Monday’s five o’clock hour was somewhat intense in Hopkins County as a severe thunderstorm passed through Cumby at 4:40 p.m., Sulphur Springs at 5:10 p.m. and Como at 5:45 p.m.
The National Weather Service issued a severe thunderstorm warning that turned into a tornado warning for Hopkins, northern Rains, and Southeastern Hunt counties. At 4:40 a severe thunderstorm was located near Campbell moving east at 40 mph. The storm contained wind gusts up to 60 mph and hail from pea size to softball size. The severed weather warning expired at 5:45 p.m.
KSST followed the storm from Hunt County through Hopkins County into Franklin County giving warnings to those along county roads and communities affected by the hail. Reports come in to KSST from individuals throughout the affected area.

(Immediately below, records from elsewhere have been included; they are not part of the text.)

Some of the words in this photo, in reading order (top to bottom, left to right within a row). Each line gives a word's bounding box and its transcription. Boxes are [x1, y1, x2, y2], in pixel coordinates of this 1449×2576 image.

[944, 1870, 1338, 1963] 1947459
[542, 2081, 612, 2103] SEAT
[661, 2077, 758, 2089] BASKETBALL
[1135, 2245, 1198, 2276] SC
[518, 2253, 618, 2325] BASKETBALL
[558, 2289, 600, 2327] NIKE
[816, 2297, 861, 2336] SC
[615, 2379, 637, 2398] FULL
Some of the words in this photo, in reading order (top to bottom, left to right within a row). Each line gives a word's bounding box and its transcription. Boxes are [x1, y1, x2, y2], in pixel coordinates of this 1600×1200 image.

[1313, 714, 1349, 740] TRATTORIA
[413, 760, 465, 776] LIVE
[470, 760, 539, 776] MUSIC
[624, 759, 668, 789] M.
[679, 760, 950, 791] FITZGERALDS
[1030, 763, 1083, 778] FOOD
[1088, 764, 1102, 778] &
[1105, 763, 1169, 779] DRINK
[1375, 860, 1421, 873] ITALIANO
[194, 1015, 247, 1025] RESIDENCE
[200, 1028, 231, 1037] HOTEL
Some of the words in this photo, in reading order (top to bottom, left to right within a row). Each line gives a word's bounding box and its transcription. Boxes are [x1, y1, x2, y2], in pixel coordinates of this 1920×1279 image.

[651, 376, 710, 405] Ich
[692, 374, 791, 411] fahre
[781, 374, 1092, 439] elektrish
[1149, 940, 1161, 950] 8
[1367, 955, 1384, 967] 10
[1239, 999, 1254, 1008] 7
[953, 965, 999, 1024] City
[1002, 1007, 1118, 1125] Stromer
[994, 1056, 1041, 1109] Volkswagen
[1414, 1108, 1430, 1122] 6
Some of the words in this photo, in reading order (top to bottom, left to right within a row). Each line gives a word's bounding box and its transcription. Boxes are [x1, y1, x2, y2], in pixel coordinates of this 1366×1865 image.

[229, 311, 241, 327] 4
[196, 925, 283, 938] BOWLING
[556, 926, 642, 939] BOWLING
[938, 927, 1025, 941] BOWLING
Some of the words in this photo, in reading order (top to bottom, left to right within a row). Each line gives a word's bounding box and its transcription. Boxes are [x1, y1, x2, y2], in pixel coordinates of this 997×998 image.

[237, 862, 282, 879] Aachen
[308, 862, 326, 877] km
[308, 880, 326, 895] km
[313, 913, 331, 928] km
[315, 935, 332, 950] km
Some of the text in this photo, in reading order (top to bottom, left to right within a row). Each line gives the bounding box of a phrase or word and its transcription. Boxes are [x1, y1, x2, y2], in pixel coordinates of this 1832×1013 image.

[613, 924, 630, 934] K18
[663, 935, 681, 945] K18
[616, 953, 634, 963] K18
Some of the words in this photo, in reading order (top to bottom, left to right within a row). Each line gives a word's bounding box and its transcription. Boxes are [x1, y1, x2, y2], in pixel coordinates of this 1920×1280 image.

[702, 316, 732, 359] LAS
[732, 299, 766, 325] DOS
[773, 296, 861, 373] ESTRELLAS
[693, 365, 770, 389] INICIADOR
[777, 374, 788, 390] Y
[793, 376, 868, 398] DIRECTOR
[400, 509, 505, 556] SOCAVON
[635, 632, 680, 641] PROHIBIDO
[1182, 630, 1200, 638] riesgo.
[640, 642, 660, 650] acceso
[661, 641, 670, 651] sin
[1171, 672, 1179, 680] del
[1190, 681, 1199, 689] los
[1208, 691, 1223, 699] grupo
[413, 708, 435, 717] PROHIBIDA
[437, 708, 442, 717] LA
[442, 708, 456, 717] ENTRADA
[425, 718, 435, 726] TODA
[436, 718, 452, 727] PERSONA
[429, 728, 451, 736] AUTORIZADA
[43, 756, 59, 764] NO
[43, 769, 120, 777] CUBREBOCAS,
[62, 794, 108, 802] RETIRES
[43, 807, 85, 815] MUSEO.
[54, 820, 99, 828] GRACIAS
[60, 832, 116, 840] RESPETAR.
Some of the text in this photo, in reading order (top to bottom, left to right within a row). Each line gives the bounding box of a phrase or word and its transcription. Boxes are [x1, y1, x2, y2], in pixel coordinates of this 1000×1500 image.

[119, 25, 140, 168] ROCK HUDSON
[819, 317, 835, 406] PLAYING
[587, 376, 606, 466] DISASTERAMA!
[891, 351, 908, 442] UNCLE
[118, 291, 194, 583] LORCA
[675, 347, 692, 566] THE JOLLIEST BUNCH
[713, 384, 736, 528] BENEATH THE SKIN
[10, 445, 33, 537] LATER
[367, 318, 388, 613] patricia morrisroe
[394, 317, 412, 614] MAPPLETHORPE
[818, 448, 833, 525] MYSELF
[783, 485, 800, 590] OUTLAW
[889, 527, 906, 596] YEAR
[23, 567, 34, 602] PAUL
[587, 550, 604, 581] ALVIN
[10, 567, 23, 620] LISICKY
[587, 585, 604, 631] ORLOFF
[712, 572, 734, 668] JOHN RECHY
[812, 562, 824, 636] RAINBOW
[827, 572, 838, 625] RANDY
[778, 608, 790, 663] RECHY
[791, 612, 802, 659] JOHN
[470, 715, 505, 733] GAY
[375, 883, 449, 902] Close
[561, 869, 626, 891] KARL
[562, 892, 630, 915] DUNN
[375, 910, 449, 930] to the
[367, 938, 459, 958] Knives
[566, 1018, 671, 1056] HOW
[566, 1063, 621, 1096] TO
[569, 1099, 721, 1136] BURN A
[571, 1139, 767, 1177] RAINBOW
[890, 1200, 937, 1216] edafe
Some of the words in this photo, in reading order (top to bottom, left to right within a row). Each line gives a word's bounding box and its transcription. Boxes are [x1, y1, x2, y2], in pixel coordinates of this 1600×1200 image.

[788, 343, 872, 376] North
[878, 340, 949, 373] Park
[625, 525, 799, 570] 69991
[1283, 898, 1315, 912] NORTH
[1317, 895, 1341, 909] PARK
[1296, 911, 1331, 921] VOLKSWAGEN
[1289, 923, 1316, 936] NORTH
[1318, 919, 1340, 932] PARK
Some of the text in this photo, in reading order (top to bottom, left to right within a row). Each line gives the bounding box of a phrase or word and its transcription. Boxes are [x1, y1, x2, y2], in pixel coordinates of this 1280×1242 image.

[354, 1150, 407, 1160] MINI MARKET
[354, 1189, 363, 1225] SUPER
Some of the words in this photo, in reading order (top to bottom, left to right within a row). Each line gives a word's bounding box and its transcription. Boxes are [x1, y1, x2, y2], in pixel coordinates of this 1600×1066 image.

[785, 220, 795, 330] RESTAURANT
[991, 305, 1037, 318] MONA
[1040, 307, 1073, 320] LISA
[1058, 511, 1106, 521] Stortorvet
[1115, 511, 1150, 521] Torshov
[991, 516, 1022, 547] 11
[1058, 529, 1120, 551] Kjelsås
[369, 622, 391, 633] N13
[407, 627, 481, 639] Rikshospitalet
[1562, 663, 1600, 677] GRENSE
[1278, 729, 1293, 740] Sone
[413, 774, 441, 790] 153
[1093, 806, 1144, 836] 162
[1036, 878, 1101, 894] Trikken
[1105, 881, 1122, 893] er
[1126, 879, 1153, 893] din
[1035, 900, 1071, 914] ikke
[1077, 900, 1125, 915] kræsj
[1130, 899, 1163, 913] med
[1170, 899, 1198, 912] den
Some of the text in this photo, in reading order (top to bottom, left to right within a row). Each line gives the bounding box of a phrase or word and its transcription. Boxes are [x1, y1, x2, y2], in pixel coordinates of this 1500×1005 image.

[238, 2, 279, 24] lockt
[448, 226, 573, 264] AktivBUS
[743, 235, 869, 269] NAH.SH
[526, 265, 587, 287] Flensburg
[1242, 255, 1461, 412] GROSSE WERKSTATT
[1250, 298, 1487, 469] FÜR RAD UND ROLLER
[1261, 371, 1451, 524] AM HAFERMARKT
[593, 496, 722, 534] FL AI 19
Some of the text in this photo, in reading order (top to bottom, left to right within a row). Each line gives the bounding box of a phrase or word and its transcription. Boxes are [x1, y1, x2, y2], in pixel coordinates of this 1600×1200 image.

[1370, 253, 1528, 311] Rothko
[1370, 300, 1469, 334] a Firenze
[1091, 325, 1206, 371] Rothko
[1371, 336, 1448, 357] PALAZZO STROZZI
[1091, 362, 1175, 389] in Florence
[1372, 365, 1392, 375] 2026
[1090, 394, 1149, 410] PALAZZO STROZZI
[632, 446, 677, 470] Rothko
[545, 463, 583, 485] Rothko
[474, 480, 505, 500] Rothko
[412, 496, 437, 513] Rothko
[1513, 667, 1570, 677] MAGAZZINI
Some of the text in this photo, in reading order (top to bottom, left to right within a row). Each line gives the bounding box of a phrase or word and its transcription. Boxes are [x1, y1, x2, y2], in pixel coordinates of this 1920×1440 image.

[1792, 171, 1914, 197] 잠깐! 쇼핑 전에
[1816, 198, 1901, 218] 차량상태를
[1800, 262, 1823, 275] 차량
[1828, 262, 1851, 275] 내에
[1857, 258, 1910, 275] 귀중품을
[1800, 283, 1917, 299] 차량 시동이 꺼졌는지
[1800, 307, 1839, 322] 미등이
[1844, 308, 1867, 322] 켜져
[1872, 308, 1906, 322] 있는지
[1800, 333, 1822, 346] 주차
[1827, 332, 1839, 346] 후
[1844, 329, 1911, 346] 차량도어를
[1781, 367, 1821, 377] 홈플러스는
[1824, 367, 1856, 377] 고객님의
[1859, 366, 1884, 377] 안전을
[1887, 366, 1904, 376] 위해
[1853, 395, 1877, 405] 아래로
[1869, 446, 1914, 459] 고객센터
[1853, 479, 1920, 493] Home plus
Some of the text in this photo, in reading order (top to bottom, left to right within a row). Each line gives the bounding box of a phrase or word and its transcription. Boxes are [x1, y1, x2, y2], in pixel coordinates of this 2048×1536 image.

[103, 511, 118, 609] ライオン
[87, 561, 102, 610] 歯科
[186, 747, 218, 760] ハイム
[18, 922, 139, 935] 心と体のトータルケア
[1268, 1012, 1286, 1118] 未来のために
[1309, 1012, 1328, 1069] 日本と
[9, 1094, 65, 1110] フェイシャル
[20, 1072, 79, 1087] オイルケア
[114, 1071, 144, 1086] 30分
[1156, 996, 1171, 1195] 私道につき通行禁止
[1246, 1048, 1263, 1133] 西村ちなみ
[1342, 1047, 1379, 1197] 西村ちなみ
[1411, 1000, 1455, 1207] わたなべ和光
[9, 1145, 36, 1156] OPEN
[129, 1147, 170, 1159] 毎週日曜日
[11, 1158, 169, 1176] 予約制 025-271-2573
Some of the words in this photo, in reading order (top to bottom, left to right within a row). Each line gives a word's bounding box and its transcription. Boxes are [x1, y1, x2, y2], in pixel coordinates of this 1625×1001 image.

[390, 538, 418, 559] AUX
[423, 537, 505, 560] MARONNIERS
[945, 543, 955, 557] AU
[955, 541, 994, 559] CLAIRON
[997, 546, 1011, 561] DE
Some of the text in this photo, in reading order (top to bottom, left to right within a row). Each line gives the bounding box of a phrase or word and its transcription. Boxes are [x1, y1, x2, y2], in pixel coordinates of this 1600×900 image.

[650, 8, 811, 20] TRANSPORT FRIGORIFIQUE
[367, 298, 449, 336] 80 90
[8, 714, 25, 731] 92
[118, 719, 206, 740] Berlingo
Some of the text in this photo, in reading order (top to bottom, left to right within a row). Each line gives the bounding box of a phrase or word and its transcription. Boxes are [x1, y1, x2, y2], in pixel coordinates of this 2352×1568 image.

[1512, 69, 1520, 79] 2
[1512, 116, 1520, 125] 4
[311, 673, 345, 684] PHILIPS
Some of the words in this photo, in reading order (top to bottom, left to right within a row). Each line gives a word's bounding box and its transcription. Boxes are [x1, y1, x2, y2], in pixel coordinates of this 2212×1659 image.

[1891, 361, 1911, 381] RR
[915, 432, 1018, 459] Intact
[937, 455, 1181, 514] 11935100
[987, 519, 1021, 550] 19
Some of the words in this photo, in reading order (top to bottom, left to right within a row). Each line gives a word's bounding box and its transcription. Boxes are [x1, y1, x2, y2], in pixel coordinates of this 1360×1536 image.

A resident on County Road 2301 reported marble sized hail as did residents north of FM 1567 and in the Black Oak Community. Nickel sized hail from I-30 to the Sulphur Springs Livestock sale and on County Road 1174, Country Road 2174, was reported. Half dollar sized hail on County Road 1174 and softball sized hail on FM 269 and FM 852 with heavy rain were the most severe hail reports received. Pea sized hail fell at KSST studios on Shannon Road, Azalea Lane, Woodbridge areas, County Road 1100 off State Highway 19 four miles south of Pilot Truck Stop, and in the Star Ridge Community. Rain and sunshine followed the heavier storm in the Coleman Park area. A variety of sizes for hail was experienced in the Greenpond area.
No wind damage reports were made to KSST.
The storm was a second band of rain that had passed through the area after brief rains were experienced Monday morning. A third band of storms remained to the west with storm warnings given to those in Collin and Hunt Counties until 6:30 p.m. Those storms were moving east along State Highway 380 toward Greenville and also Hopkins County. KSST will continue to monitor this storm front. The county and surrounding area is under a severe thunderstorm watch until 9 p.m.